Chefe operacional da 1ª Delegacia Metropolitana da PRF do Rio de Janeiro, o inspetor Alexandre Dantas explica que toda a região da Baixada Fluminense está sofrendo uma onda de violência, e que os criminosos utilizam a BR-040 com frequência durante fugas. A situação acaba refletindo em um aumento no número de ocorrências na estrada, mas não necessariamente vitimando motoristas que estão em viagem. "Em média, contabilizamos um assalto por dia na rodovia. É uma área que possui uma incidência acima do normal, principalmente de noite e de madrugada, mas acredito que quem está de passagem sofra menos com isso. O problema maior é dentro das próprias comunidades", diz.

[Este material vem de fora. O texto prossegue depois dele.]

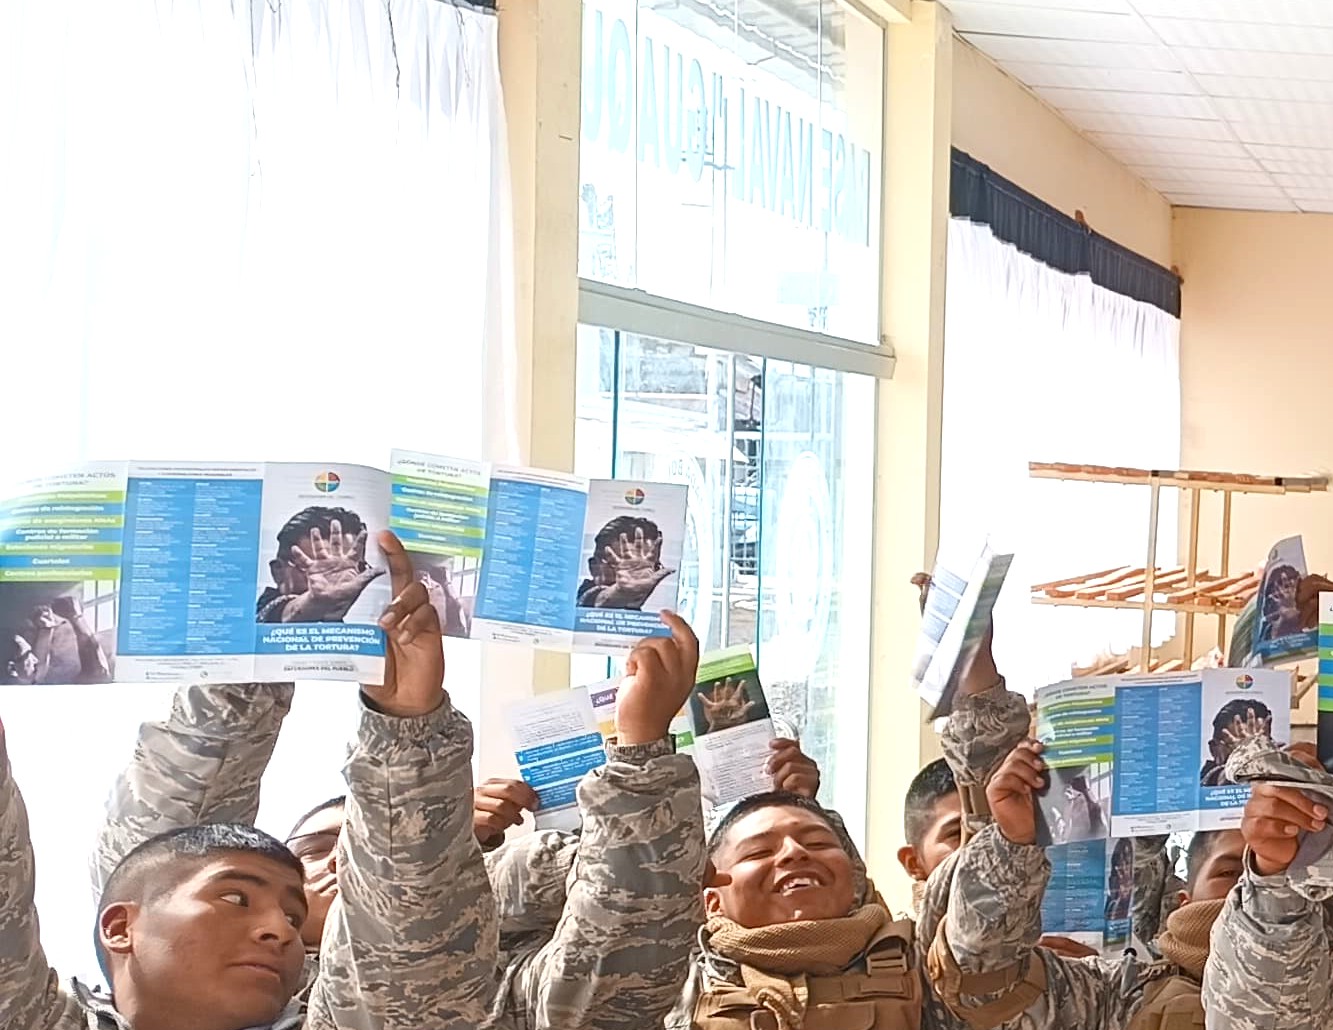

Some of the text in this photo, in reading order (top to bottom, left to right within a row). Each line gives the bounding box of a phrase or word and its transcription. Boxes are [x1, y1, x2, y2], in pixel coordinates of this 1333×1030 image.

[271, 627, 294, 637] ¿QUÉ
[321, 627, 375, 636] MECANISMO
[262, 636, 309, 644] NACIONAL
[314, 643, 360, 651] TORTURA?
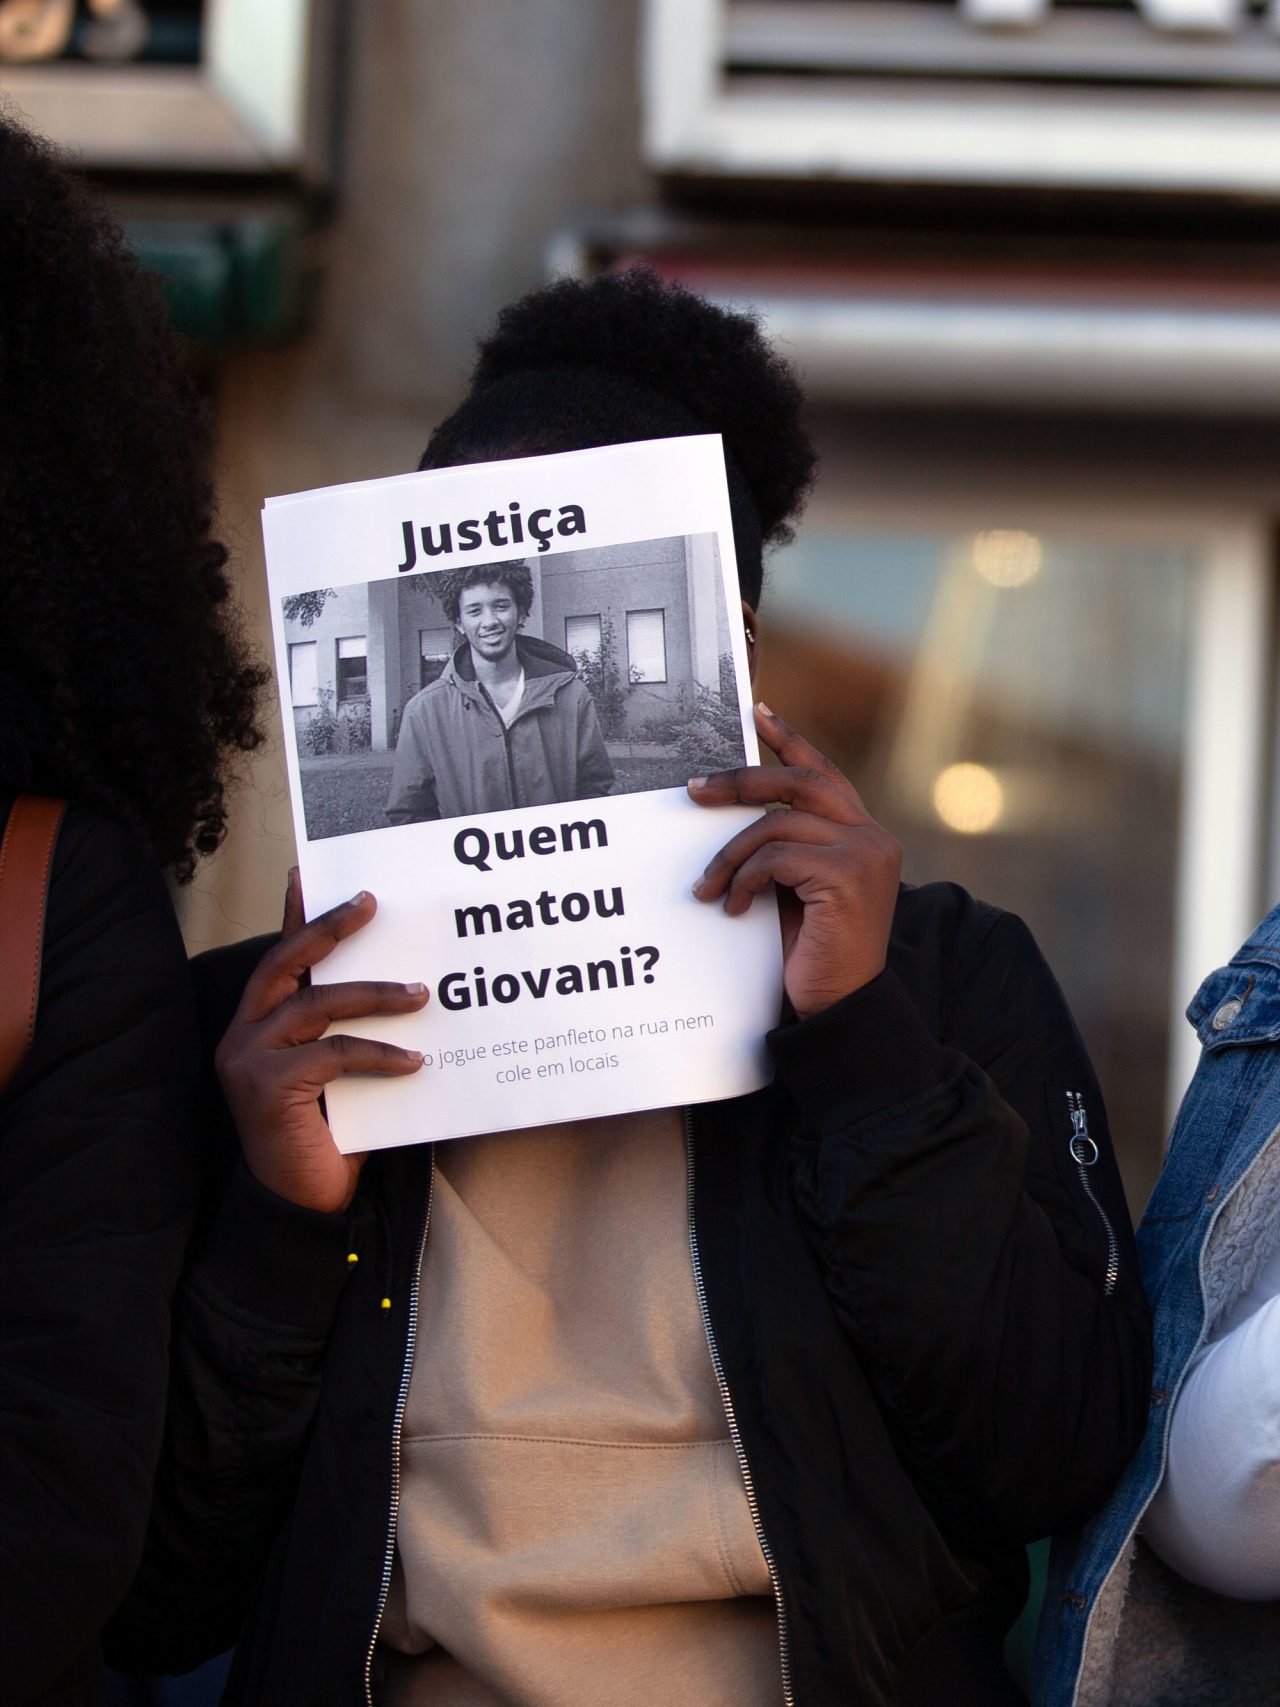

Ainda de acordo com o inspetor, apesar de a via ser a campeã em assaltos, os índices de ocorrência do último trimestre vêm se mantendo. "A maioria dos casos acontece com motoristas que resolvem parar às margens da pista para falar no celular, por exemplo. Os criminosos aproveitam a oportunidade para realizar o assalto. Orientamos aos usuários que evitem esse tipo de atitude." Por meio de assessoria, a Concer, empresa que administra o trecho da BR-040 entre Juiz de Fora e Rio, explicou que não possui informações a respeito, uma vez que não trabalha com dados de ocorrências violentas.

Em Minas

De acordo com o chefe da seção Juiz de Fora da PRF, inspetor Armstrong Carvalho, o maior problema da BR-040 no trecho de Minas Gerais está nas proximidades de Congonhas. "Lá há muita ocorrência de furto, principalmente em veículos de carga. Os motoristas param para dormir em postos de gasolina, por exemplo e, ao acordar, percebem que o material foi levado. Nosso serviço de inteligência está desenvolvendo um trabalho, inclusive, para coibir essa prática, mas orientamos os condutores que evitem parar em comércios com pouco movimento", explica.